It’s a period of calm and contemplation in the run up to Christmas, which on our calendar starts in October and comes to an end the second week in January. The October start date is when we get to see all the new products that will be in the shops by December. November is when they take us out for dinners and drinks to remind us how good they are. December is when there are four parties every night as each group of PRs tried to prove it is a better friend than all the others, and January is when the stragglers have their ironic post-Christmas Christmas parties that we’re all too tired to attend.
That’s not to say July and August are dull months, though. I’m busier now than I can ever remember having been in this job in the last six years. It’s just that it is predictable busy-ness (or should that be business?) with predictable deadlines that don’t spring out at you from nowhere.
So why am I still working on my column? I have a dozen half-formed ideas in my head. Some of them collide and would make a great combination, but none of them are quite meaty enough to fill a whole page of text, on which the only distractions are a headline and a goofy pic of my face.

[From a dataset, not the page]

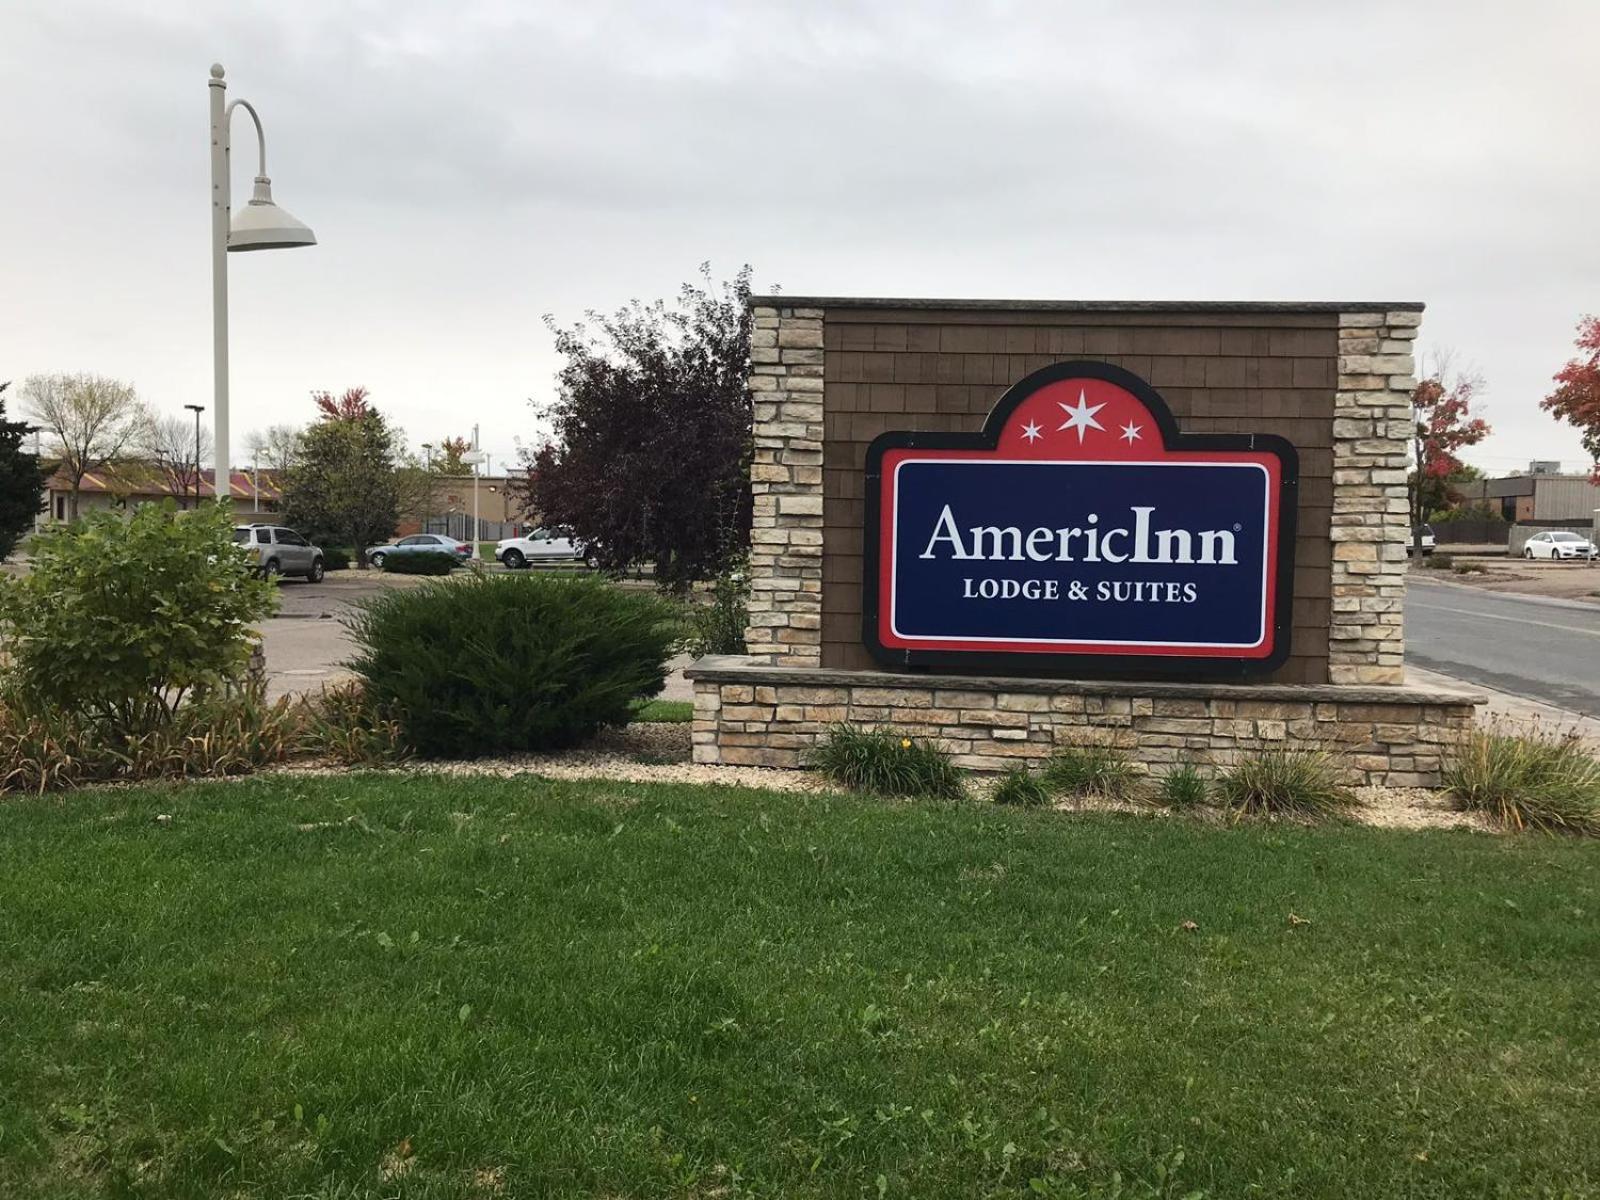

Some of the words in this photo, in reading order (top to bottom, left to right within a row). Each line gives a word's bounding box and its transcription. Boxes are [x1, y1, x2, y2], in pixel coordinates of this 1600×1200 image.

[920, 504, 1239, 564] AmericInn
[963, 578, 1059, 600] LODGE
[1068, 580, 1089, 601] &
[1097, 581, 1197, 603] SUITES

I read a column by Stephen Fry once where he had precisely the same problem. He admitted as much in the opening paragraph, and then went on to do what he freely admitted every writer can only do once in their entire career - he wrote a column about how the column is written. Where he sits, what he uses, when he sends it off and what happens to it between then and the day it appears on the newsagents shelves.

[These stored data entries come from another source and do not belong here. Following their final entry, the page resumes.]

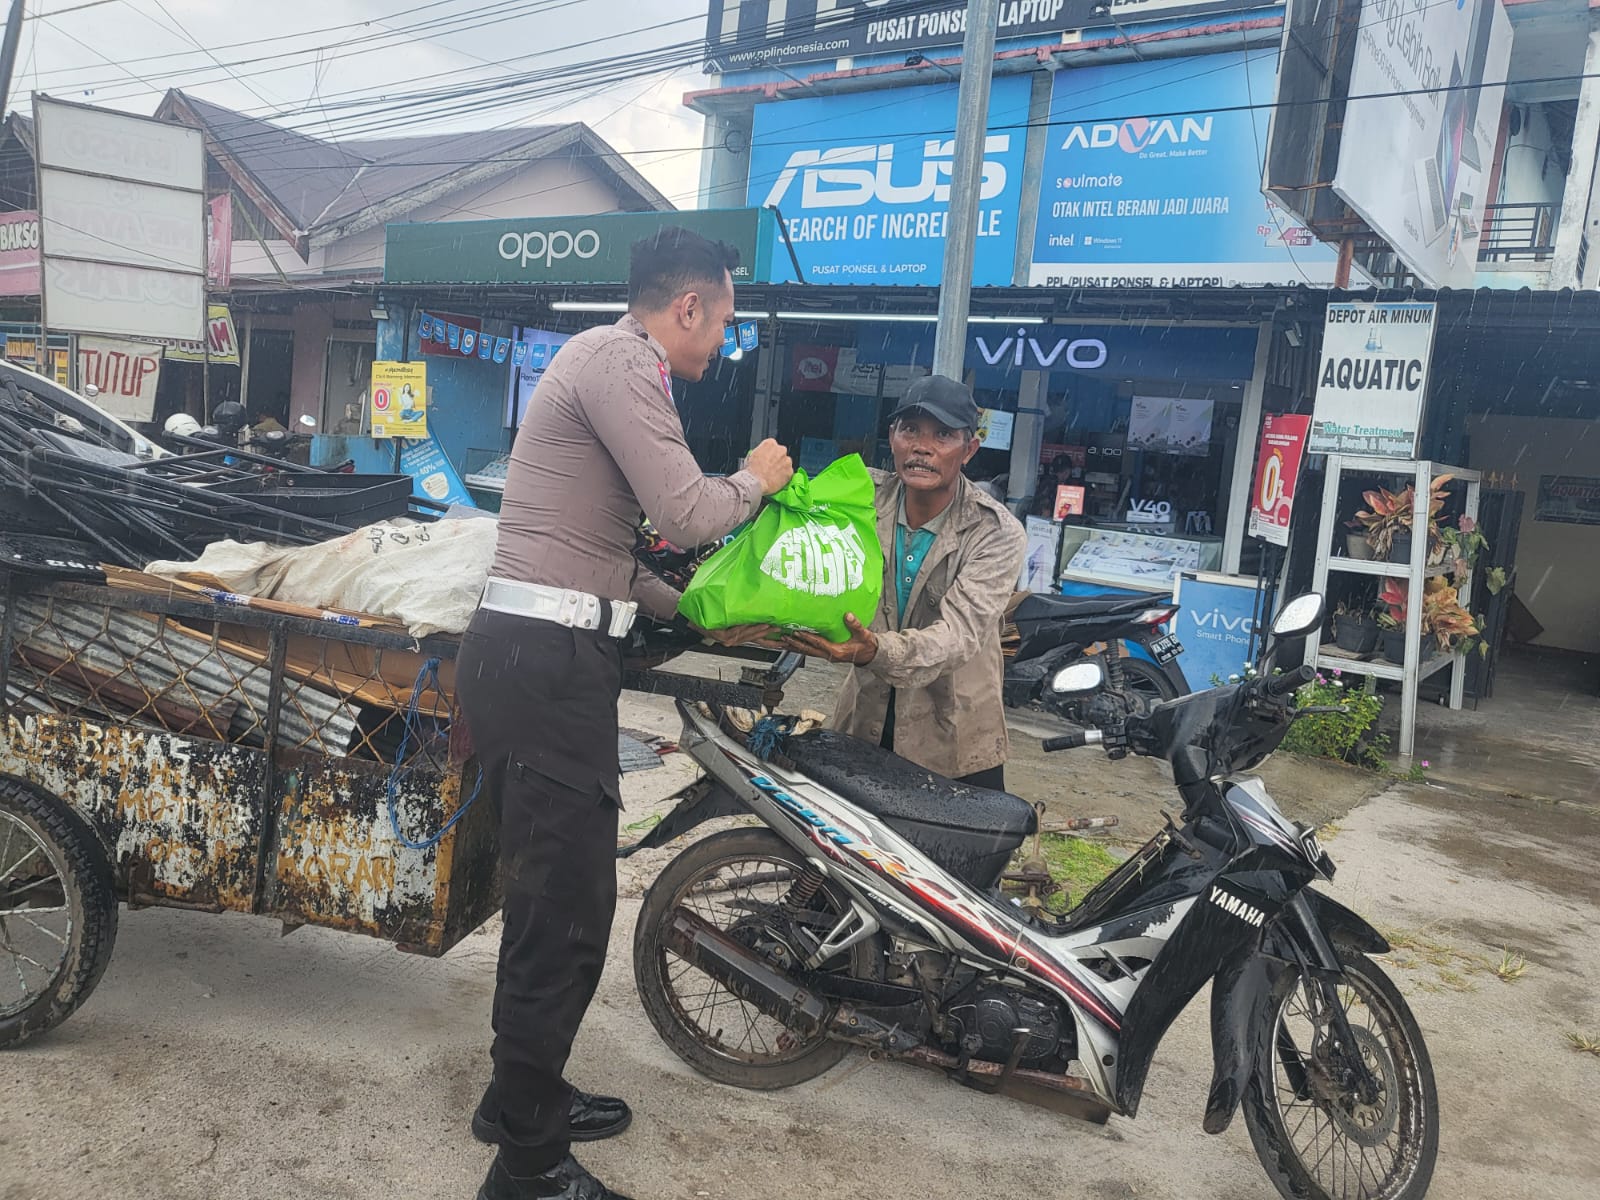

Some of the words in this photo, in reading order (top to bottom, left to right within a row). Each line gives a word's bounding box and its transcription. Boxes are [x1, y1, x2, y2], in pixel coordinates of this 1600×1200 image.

[866, 16, 915, 45] PUSAT
[917, 9, 967, 38] PONSE
[998, 0, 1064, 27] LAPTOP
[728, 38, 850, 63] www.pplindonesia.com
[1061, 115, 1214, 153] ADVAN
[763, 134, 1010, 209] ASUS
[1056, 172, 1123, 189] soulmate
[1052, 201, 1080, 218] OTAK
[1082, 199, 1115, 217] INTEL
[1117, 198, 1160, 216] BERANI
[1161, 197, 1187, 215] JADI
[1189, 196, 1230, 214] JUARA
[0, 219, 39, 250] BAKSO
[778, 213, 848, 244] SEARCH
[852, 213, 876, 240] OF
[1049, 233, 1074, 247] intel
[812, 264, 840, 275] PUSAT
[842, 264, 879, 275] PONSEL
[880, 264, 887, 274] &
[889, 262, 927, 274] LAPTOP
[1046, 276, 1066, 287] PPL
[1328, 309, 1366, 324] DEPOT
[1367, 310, 1388, 324] AIR
[1390, 310, 1432, 325] MINUM
[975, 327, 1107, 369] vivo
[79, 349, 157, 397] TUTUP
[1321, 357, 1422, 392] AQUATIC
[1323, 422, 1351, 434] Water
[1354, 425, 1404, 438] Treatment
[1129, 498, 1171, 515] V40
[1196, 629, 1222, 641] Smart
[1209, 885, 1265, 928] YAMAHA

So, what does he do now? Where does he go from here? There’s a lot of years’-worth of writing left inside him, and yet already he’s used up his joker. He has no trump card left to play the next time he’s hard up against a deadline with an empty page and an empty head.
Of course, writing about IT, I could quite legitimately do the same, and talk about the various bits of technology used to get my ideas out of my head and into WHSmith, but can I afford to do that after just ten years?
If you liked that post, then try these...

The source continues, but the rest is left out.